Benzema, la justicia y el Balón de Oro

Benzema, la justicia y el Balón de Oro

De igual modo que desluce el trabajo detrás de las cámaras en comparación con el presentador estrella de un show, el papel de Karim Benzema en el Real Madrid durante la era Cristiano Ronaldo quedó a la sombra, pese a la esencial aportación del francés desde que viste la camiseta blanca.

A lo largo de los años se ha sido injusto con un Karim Benzema que, si bien no marcaba tantos goles como cabria esperar de quien porta el nueve a la espalda, los fabricaba y, al mismo nivel de importancia, trabajaba para que otros ejecutaran las jugadas que acaparaban todos los focos.

Karim Benzema merece el Balón de Oro por una cuestión de justicia, por su inagotable fuente de genialidad con y sin balón, y por el paso al frente que dio, por fin, cuando Cristiano abandonó el barco en 2018 y su escudero francés pasó entonces a ser el protagonista principal de la película.

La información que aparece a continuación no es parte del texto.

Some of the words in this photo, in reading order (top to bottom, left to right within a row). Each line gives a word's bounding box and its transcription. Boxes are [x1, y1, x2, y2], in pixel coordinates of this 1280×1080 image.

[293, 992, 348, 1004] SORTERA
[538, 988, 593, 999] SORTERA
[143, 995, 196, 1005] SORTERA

Desde el adiós del portugués, Benzema ha vuelto a alzarse hasta la altura de sus mejores registros goleadores, echándose el equipo a la espalda y apareciendo en momentos importantes, derrochando detalles de magia y una excelente visión de juego, dejando la sensación continua de que tiene el absoluto control de todo lo que va a pasar en el partido.

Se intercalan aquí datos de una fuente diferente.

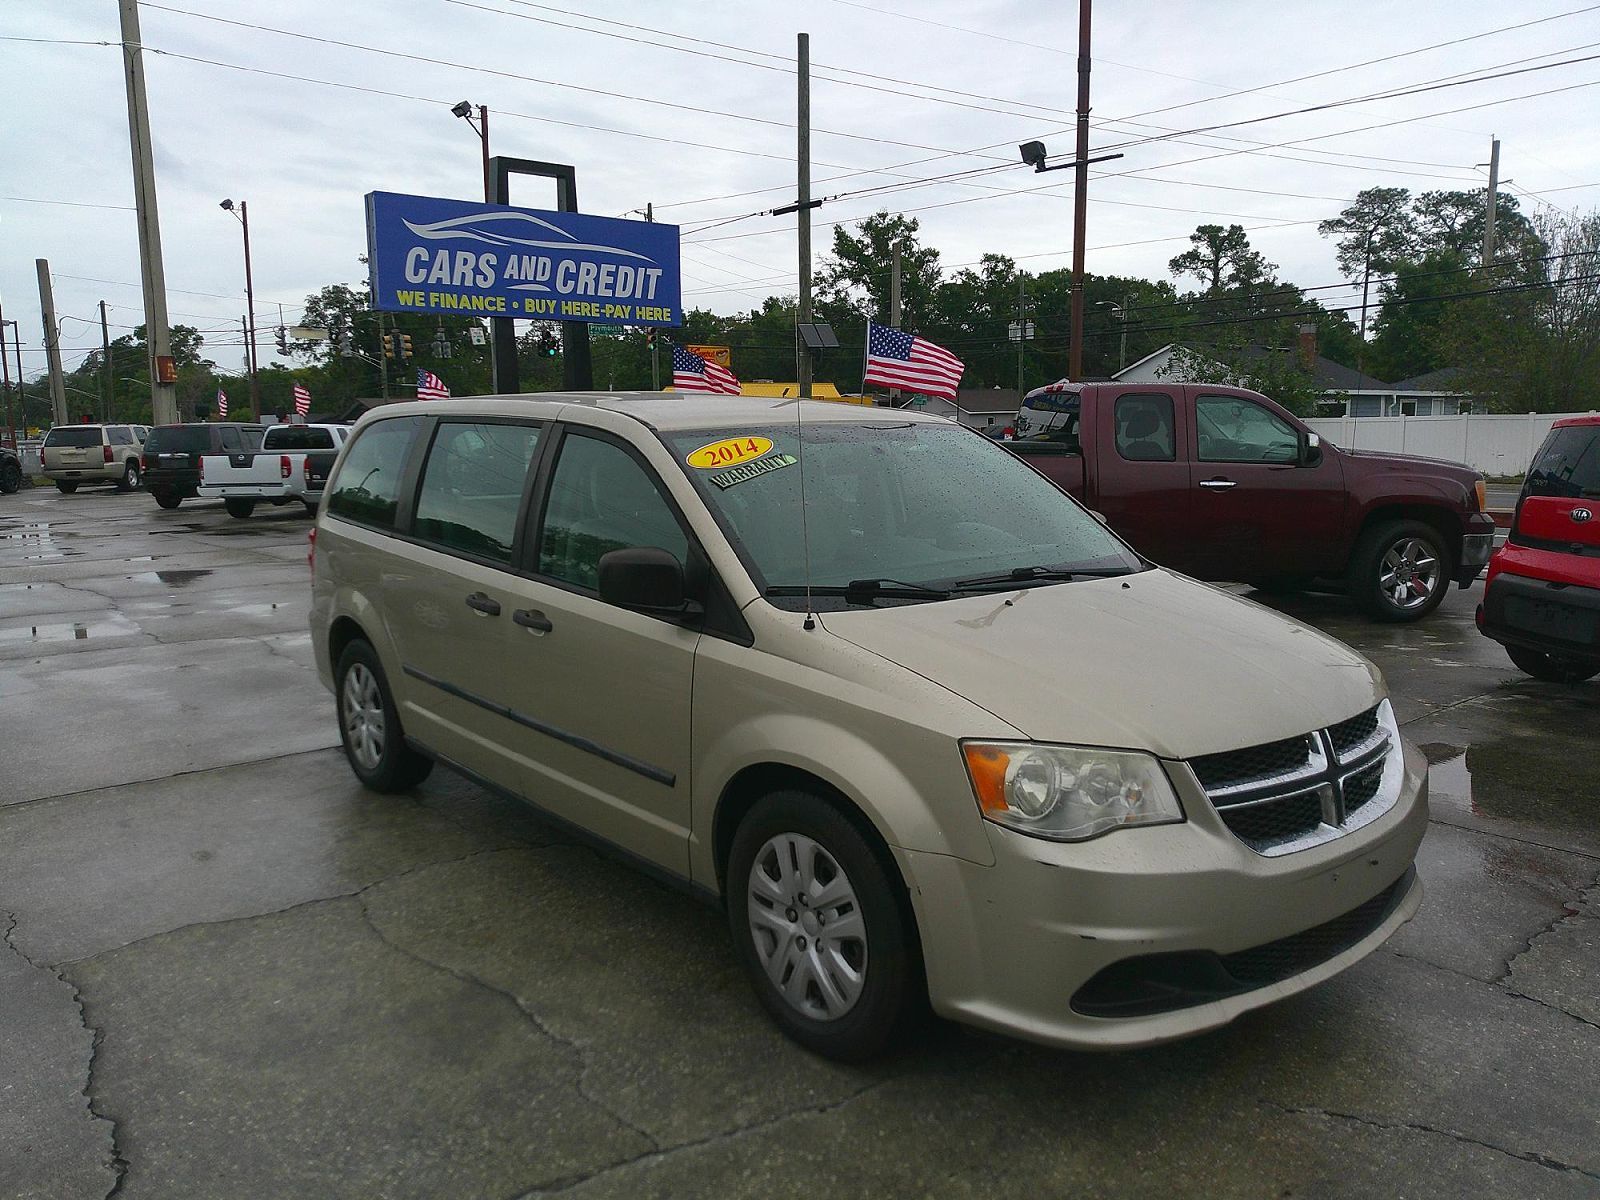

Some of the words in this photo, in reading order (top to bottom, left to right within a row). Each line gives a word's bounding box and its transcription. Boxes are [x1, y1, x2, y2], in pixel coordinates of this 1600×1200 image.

[405, 246, 498, 289] CARS
[503, 254, 552, 282] AND
[555, 259, 663, 300] CREDIT
[397, 290, 426, 307] WE
[429, 292, 506, 312] FINANCE
[525, 297, 557, 315] BUY
[561, 300, 632, 319] HERE-PAY
[635, 306, 672, 321] HERE
[704, 438, 758, 466] 2014
[712, 454, 787, 488] WARRANTY
[1572, 510, 1588, 520] KIA

En la primera temporada como líder del ataque blanco y en un año en el que el Madrid no alcanzó la gloria tras tres años irrepetibles, Karim Benzema marcó 30 goles en las tres competiciones, primera vez que alcanzaba las tres decenas desde 2012.

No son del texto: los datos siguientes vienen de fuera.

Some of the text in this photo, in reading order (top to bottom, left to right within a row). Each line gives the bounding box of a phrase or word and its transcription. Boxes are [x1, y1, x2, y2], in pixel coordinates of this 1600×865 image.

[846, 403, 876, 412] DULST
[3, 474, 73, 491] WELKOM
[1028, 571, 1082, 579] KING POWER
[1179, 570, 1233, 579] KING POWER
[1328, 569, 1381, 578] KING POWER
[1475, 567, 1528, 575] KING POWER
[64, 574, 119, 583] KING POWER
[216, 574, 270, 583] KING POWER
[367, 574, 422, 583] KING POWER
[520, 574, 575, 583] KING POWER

En la Liga de la pandemia fueron 27 y otro paso adelante en su papel de líder de una plantilla que andaba escasa de orientadores. El año pasado y pese a la ausencia de títulos, volvió a alcanzar las 30 dianas. En la presente temporada, de momento, es el líder de la tabla de goleadores.

No es que Benzema sea ahora mejor que antes, es que se le ve más. Su calidad no se ha modificado, sólo ha encontrado más hueco para jugar desatado. Ese adiós al trabajo en la sombra le valió, además, el perdón de Deschamps que, pese a los problemas personales con el jugador, no aguantó más tiempo sin llamar a uno de los mejores de la historia de su país. 

Si el Balón de Oro se otorga realmente al mejor del año, con datos objetivos, no acabará luciendo en las vitrinas del francés pero, si existe en este premio un concepto romántico de justicia, el galardón hace meses que tiene nombre.